787 2017 Year End Review and December Month End Report

Testing Complete3
To be assembled in Everett129
To be assembled in Charleston99
Parts Arriving6
Undergoing final assembly8
Storage/Change Incorporation and Re-Work0
Change Incorporation and Re-Work0
Pre-Flight Prep12
Production Testing2
Non Customer Flight Tests3
Ready for Delivery0

2017 was a transformative year for the 787 program.  It was not just because the introduction of the largest and newest member of the 787 family of aircraft but also because the program is now putting the painful gestation of the 787 in the rear view mirror.  Now that Boeing has delivered the last 787 for 2017 and will shut down production on all aircraft lines for the Holiday break, this is a good time to review what happened in December and in 2017 as a whole.

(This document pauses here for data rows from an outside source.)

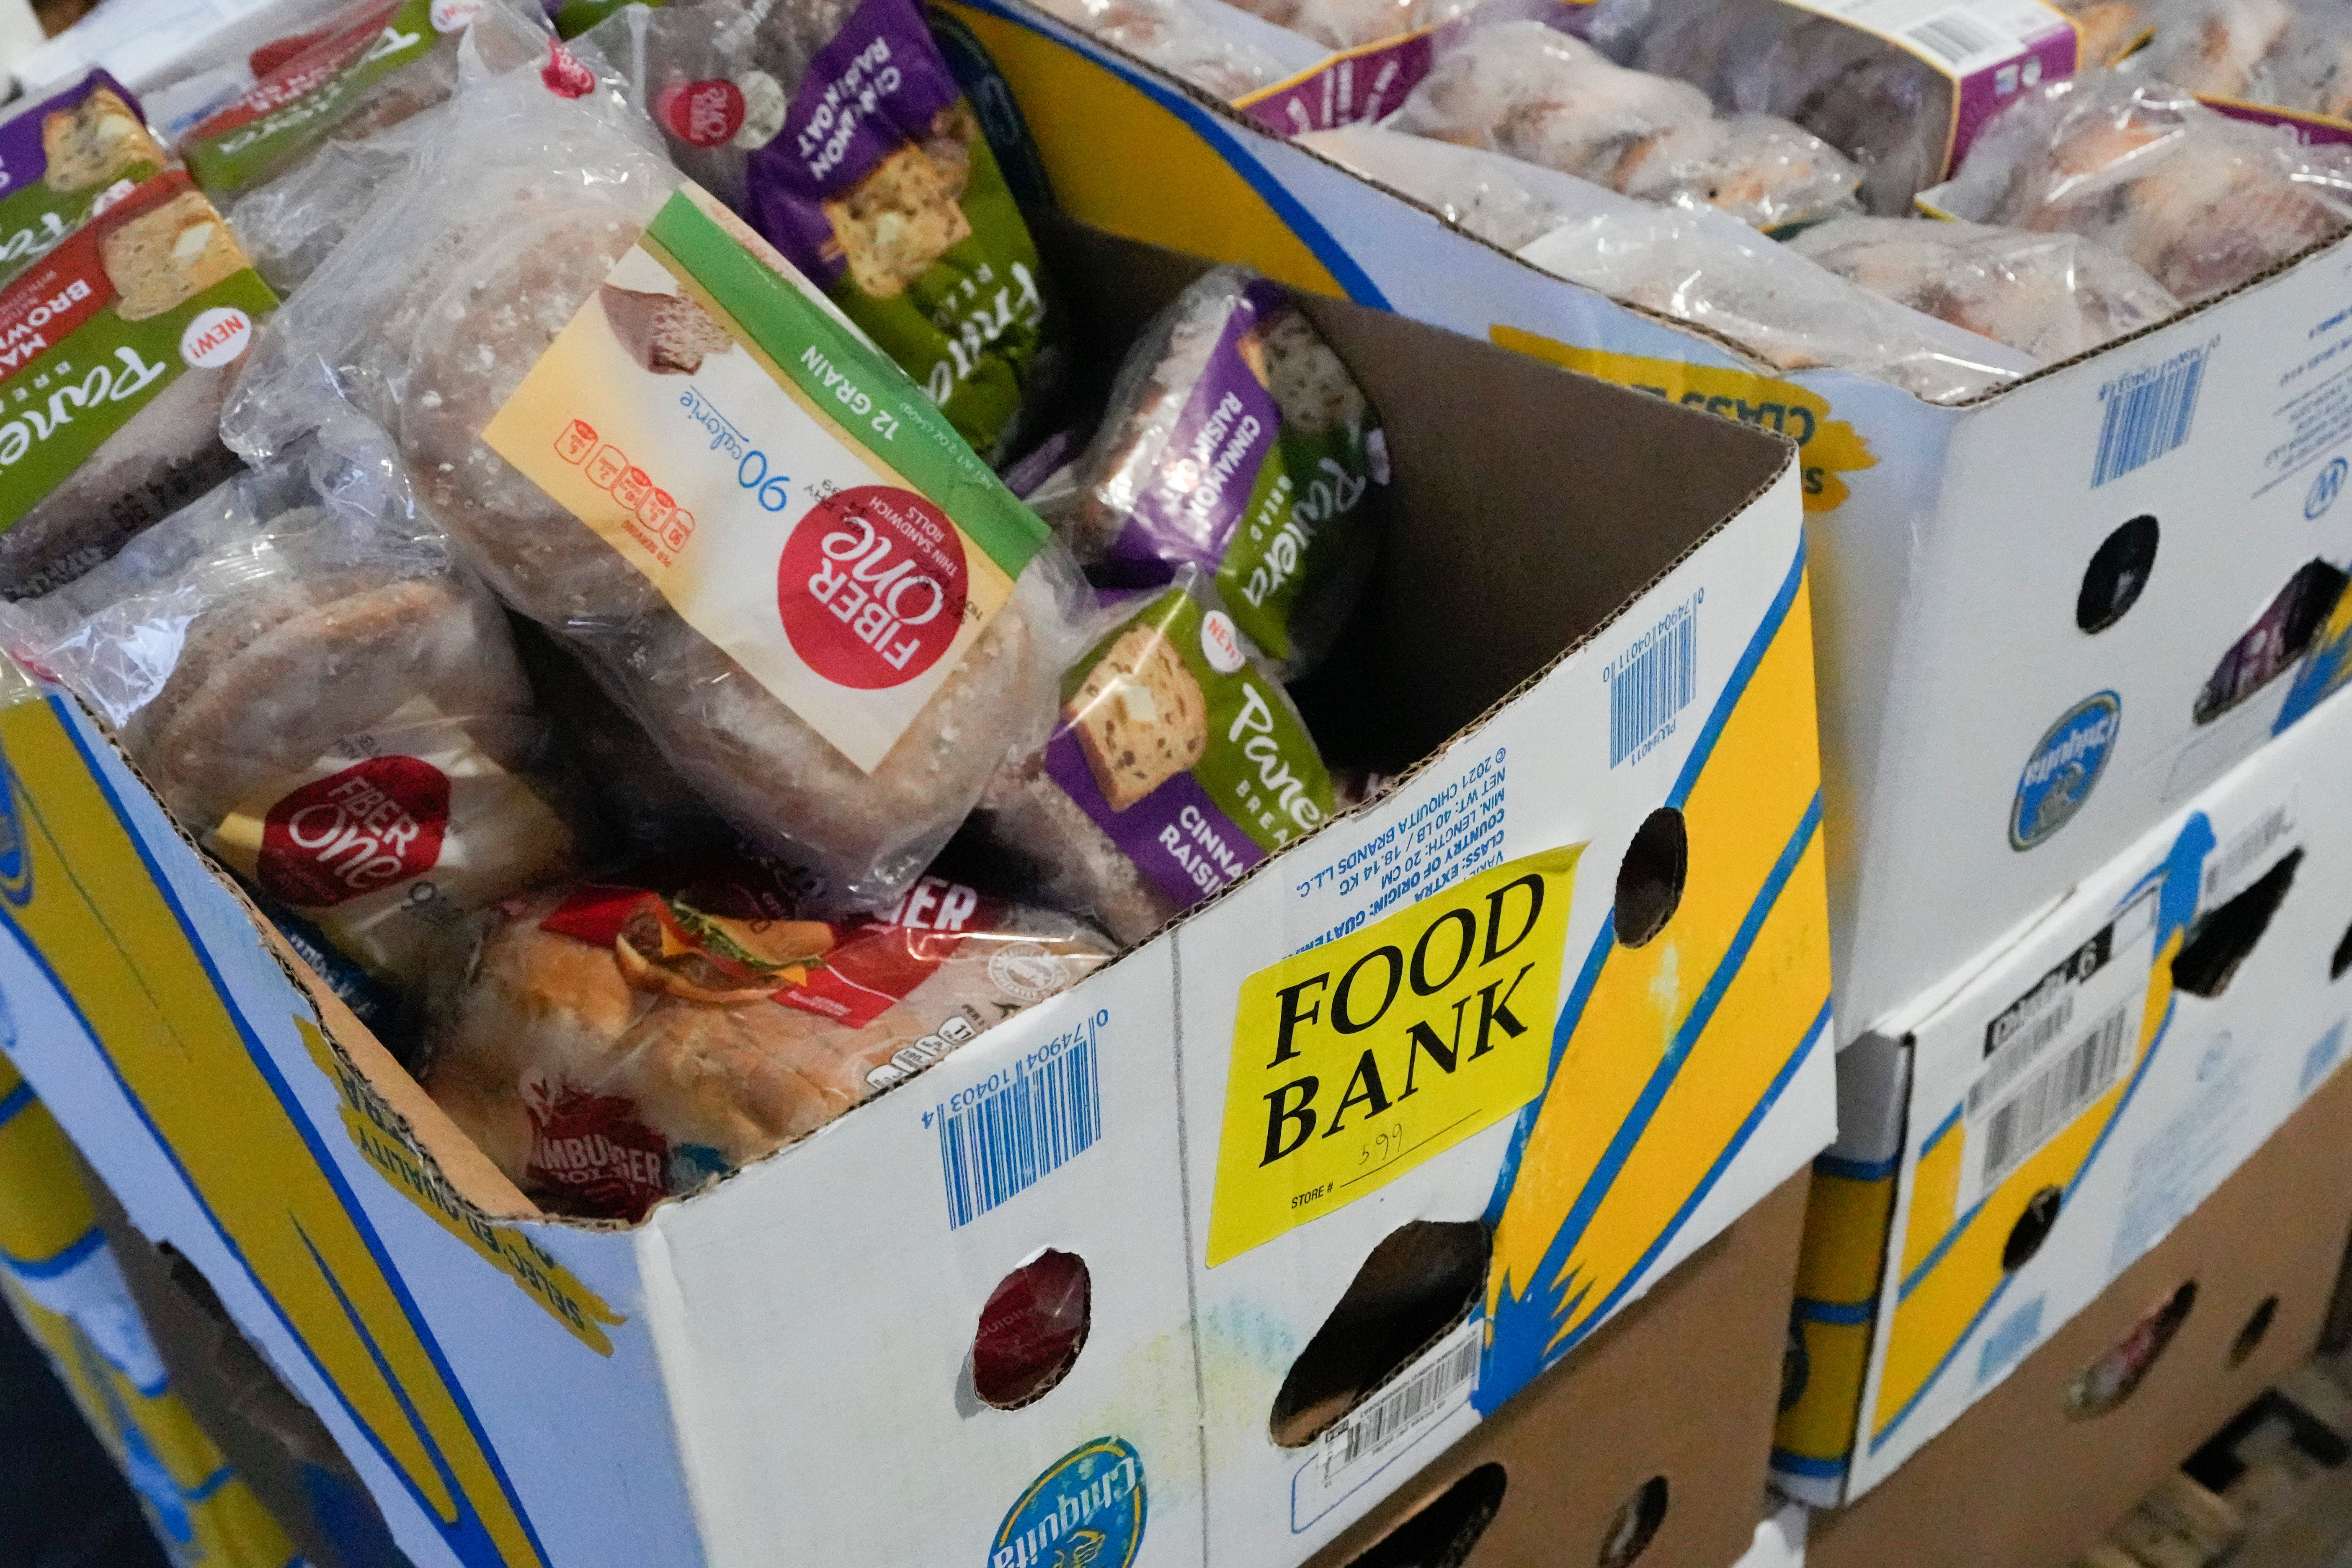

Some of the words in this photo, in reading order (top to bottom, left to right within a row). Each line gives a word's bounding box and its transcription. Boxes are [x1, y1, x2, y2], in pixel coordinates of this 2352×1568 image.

[0, 333, 47, 376] MA
[193, 315, 244, 358] NEW!
[0, 361, 71, 414] BRE
[801, 344, 872, 415] GRAIN
[0, 346, 165, 466] Pane
[681, 391, 745, 461] calorie
[872, 410, 900, 442] 12
[739, 450, 790, 512] 90
[1190, 415, 1261, 516] CINNAMON
[867, 494, 935, 555] SANDWICH
[904, 504, 946, 544] ROLLS
[1242, 457, 1366, 607] Panera
[821, 516, 944, 625] One
[928, 547, 959, 578] THIN
[808, 557, 921, 671] FIBER
[1657, 599, 1691, 637] 74904
[1620, 632, 1651, 670] 04011
[1228, 682, 1328, 831] Pane
[1462, 757, 1491, 788] 2021
[1455, 789, 1478, 813] WT:
[1480, 788, 1505, 815] MIN.
[1481, 767, 1506, 796] NET
[328, 776, 419, 856] FIBER
[1398, 784, 1457, 834] CHIQUITA
[1436, 810, 1452, 830] 40
[289, 804, 402, 889] One
[1338, 826, 1395, 874] BRANDS
[1417, 822, 1432, 843] LB
[1445, 808, 1505, 863] COUNTRY
[1462, 829, 1504, 869] CLASS:
[1364, 846, 1400, 881] 18.14
[1381, 865, 1401, 890] CM
[1405, 851, 1421, 872] 20
[1414, 863, 1459, 902] EXTRA
[1424, 856, 1441, 879] OF
[1369, 871, 1421, 916] ORIGIN:
[1266, 872, 1546, 1070] FOOD
[1026, 1022, 1084, 1071] 74904
[1258, 962, 1535, 1168] BANK
[950, 1067, 1009, 1112] 10403
[1358, 1123, 1403, 1166] 599
[1291, 1184, 1324, 1210] STORE

Why do I say that 10`7 was a transformational year for Boeing?  3 reasons: 1) Boeing was finally able to start reducing the accumulated deferred production cost that has been a drag not just for the 787 financially but a drag on the company as a whole.  It remains to be seen if Boeing can totally eliminate the accumulated production cost over the remaining lifetime of the program. 2) The last of the early production 787-8s that were produced almost a decade ago and sat on a runway storage area at Everett were delivered to paying customers and freed Boeing from that burden that was a very visible eyesore and reminder of the programs early difficulties. 3) The introduction of the 787-10 the newest and largest member of  the family into production and testing.  The 787-9 and 787-10 will be the dominate 787 production in the years to come and is the reason why Boeing will go to 14 airplanes per month in 2019.

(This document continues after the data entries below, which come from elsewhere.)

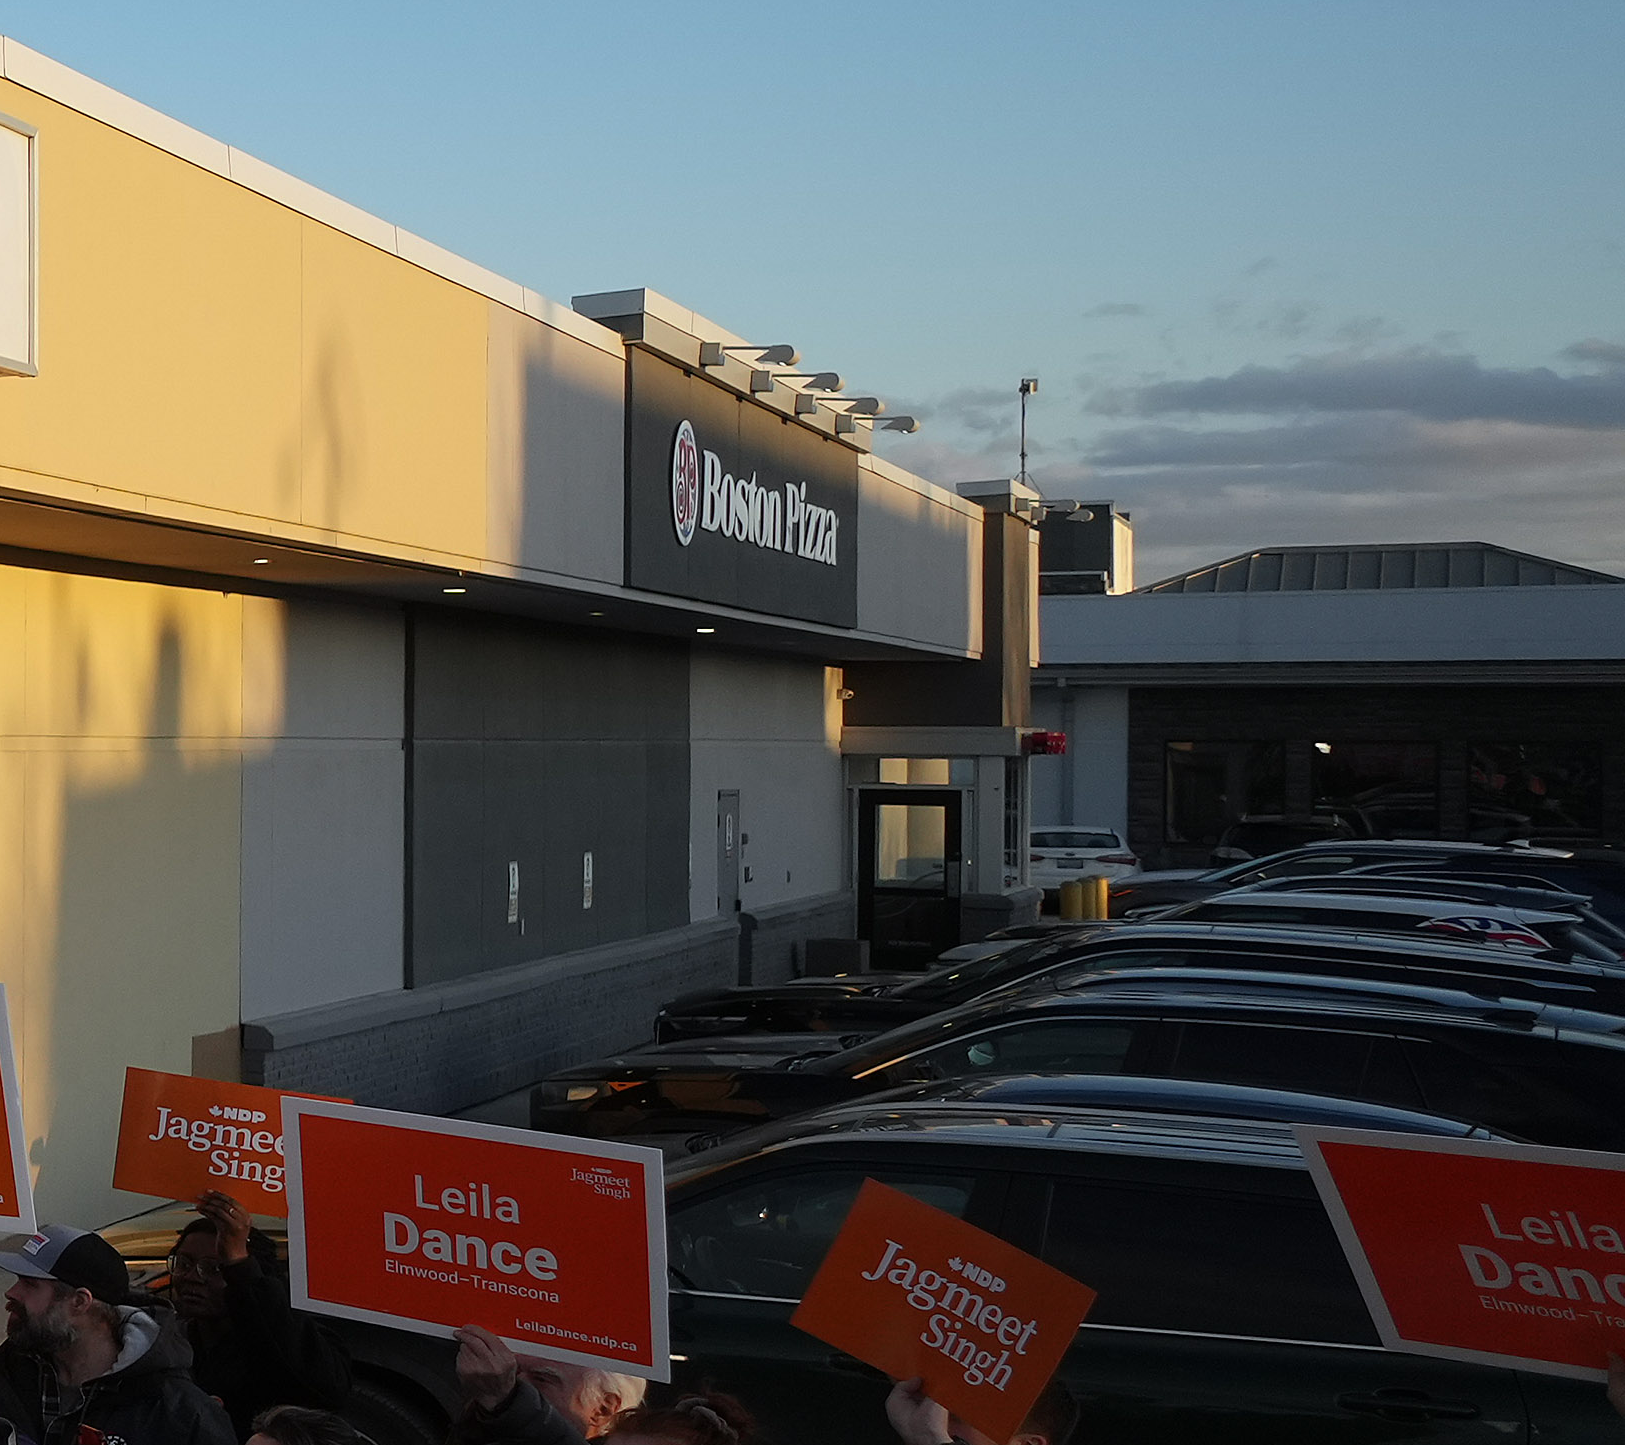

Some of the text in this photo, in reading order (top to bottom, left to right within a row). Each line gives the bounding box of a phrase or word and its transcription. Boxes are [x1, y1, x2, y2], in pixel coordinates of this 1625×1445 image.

[701, 449, 838, 567] Boston Pizza
[149, 1107, 285, 1157] Jagmee
[219, 1106, 267, 1124] NDP
[207, 1150, 286, 1194] Sing
[570, 1167, 631, 1190] Jagmeet
[592, 1182, 632, 1201] Singh
[414, 1174, 521, 1225] Leila
[383, 1211, 558, 1281] Dance
[1480, 1202, 1625, 1255] Leila
[861, 1238, 1038, 1355] Jagmeet
[962, 1261, 1007, 1294] NDP
[515, 1318, 637, 1352] LeilaDance.ndp.ca
[920, 1312, 1014, 1392] Singh

Boeing delivered 11 787s in December all of them 787-9.  Most notable they delivered 3 787-9s to Hainan Airlines.  The company delivered 136 787s in 2017 (26 x 787-8, 110 x 787-9).  This is one lower than last year when Boeing delivered a record 137 787s (35 x 787-8 and 102 x 787-9).  Boeing did deliver 5 early build 787-8s in 2017 and 2016.  Boeing went to 12/month rate on the 787 but the reason for the lower delivery rate in 2017 was most certainly the introduction of the 787-10 into the 787 production system for the first time.  The effect of introducing a new airplane into production causes a reduction of the build rate, in this case at Charleston, despite mitigating some of the lost production by using the Everett production line.  

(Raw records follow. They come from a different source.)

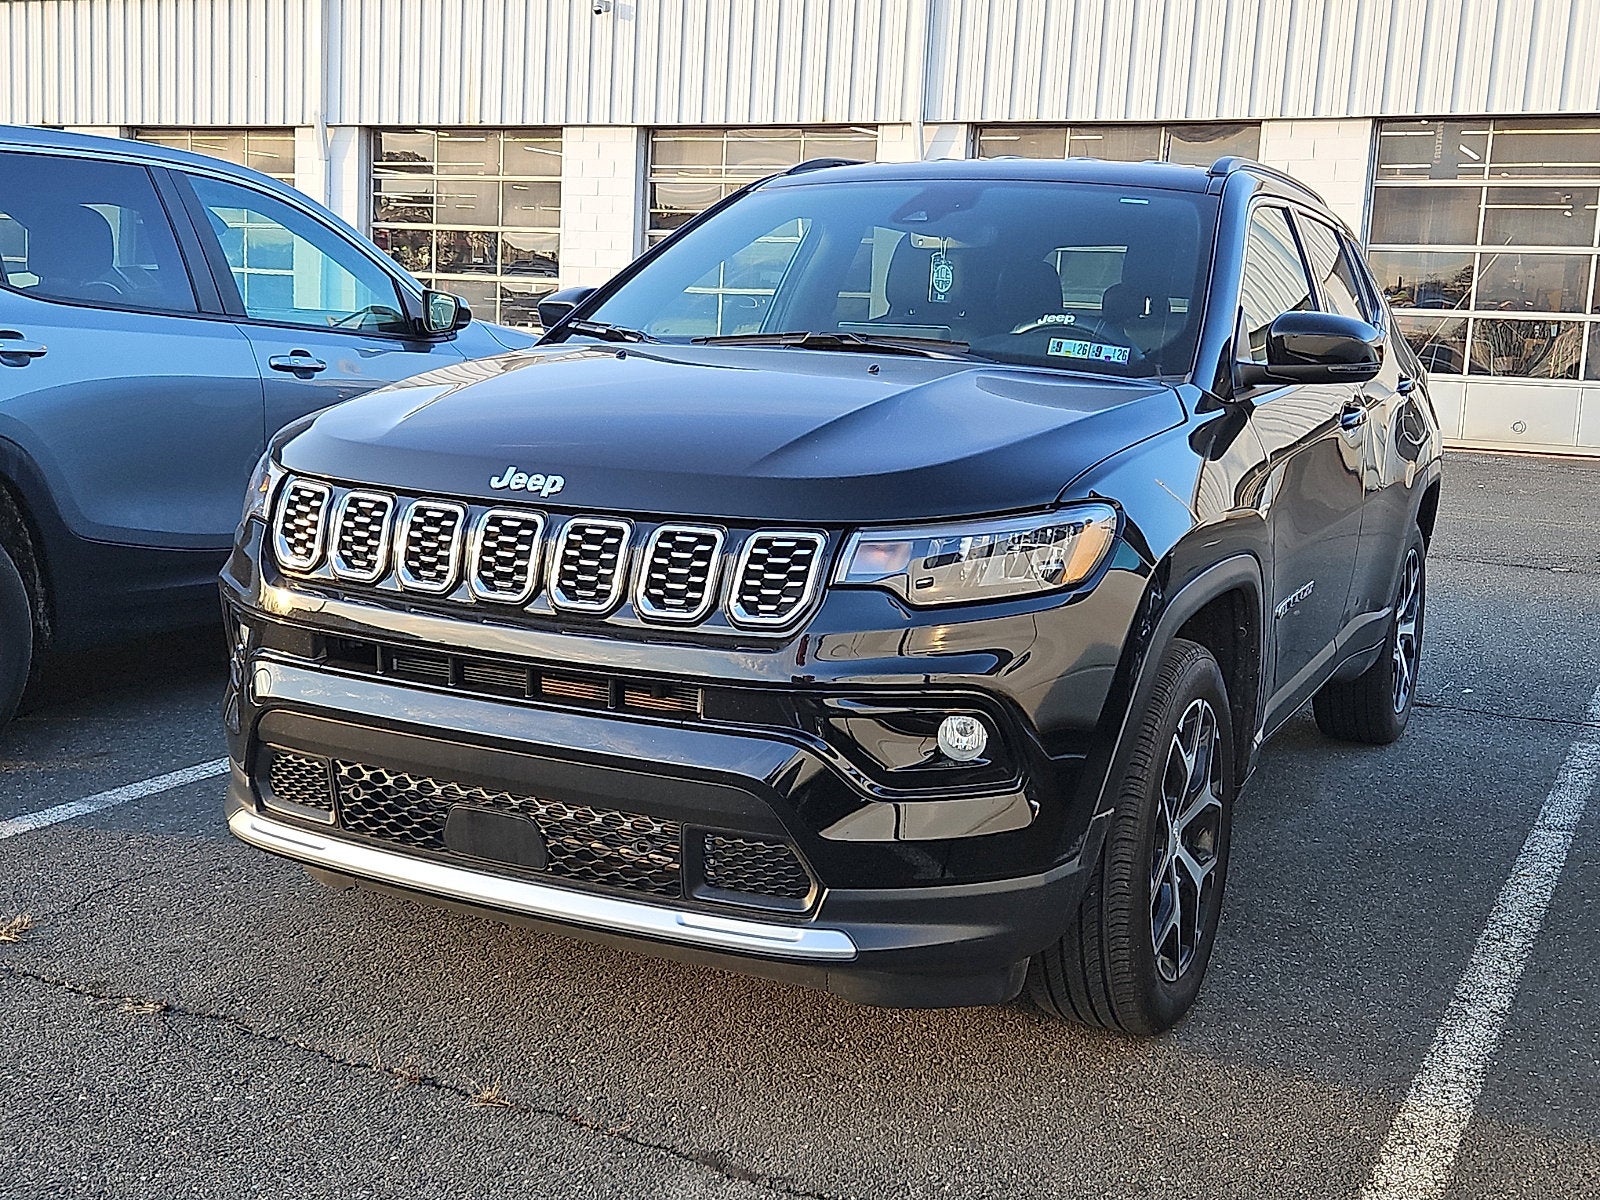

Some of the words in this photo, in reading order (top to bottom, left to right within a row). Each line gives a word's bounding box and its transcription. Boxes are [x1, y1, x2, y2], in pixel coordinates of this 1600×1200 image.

[1037, 314, 1075, 325] Jeep
[1055, 341, 1062, 352] 9
[1077, 343, 1088, 355] 26
[1095, 346, 1102, 357] 9
[1117, 349, 1127, 360] 26
[490, 466, 564, 497] Jeep

During the past year Boeing rolled out 136 787s while starting final assembly on 135.  Thus Boeing was able to maintain an efficiency ratio of 1 (number of 787s rolled out divide by number of 787s delivered).  In December, Boeing rolled out 8 787s while starting assembly on 8 more aircraft.  Even though the production rate is 12/month, Boeing rolled out 787s at an average rate of 11.3 per month during 2017 due to the introduction of the 787-10 into the production system which slowed things down in the early part of 2017.

Speaking of the 787-10. This airplanes was built rolled out and started certification testing during the past year.  To date the 787-10 flight test team has accumulated over 1,030 flight hours on the three flight test aircraft.  Boeing rolled out a production 787-10 (ZC003, LN 622, 9V-SCB) that will presumably fly functionality and reliability test flights early next year.

Boeing had a good year in terms of orders though they weren't able to break 1 in the 787 book-to-bill.  As of today (December 23, 2017) Boeing had 89 net 787 orders though we won't know the final order totals until early January 2018.  The 787 program also scored some major order victories in 2017 some of which will be finalized in 2018.  These included large orders from Emirates and Turkish Airlines.  Boeing firmed up large orders from AerCap (30 x 787-9), Singapore Airlines (19 x 787-10), WestJet (10 x 787-9) and China.

Again 2017 was transformational for the 787 program and sets Boeing up nicely for the planned rate increase coming in about 2 years as well as leaving the memories of the early 787 setbacks in the rear view mirror.  I'll be back shortly to take a look at what 2018 has in store for the 787 program.

787 Spreadsheets

1 comment:

Christopher D. Dye said...

I think one of the 787's biggest advantages over the A350 is its huge base of 100s of planes in service. Hopefully this means that all the bugs have been dealt with, and most important that the plane's operating costs are known and low. Back when Tim Clark cancelled EK's A350 orders he said that he would not buy any plane until its the real time, in service operational costs were clear. It looks like these costs were clear to Clark because he bought up to 100, including options.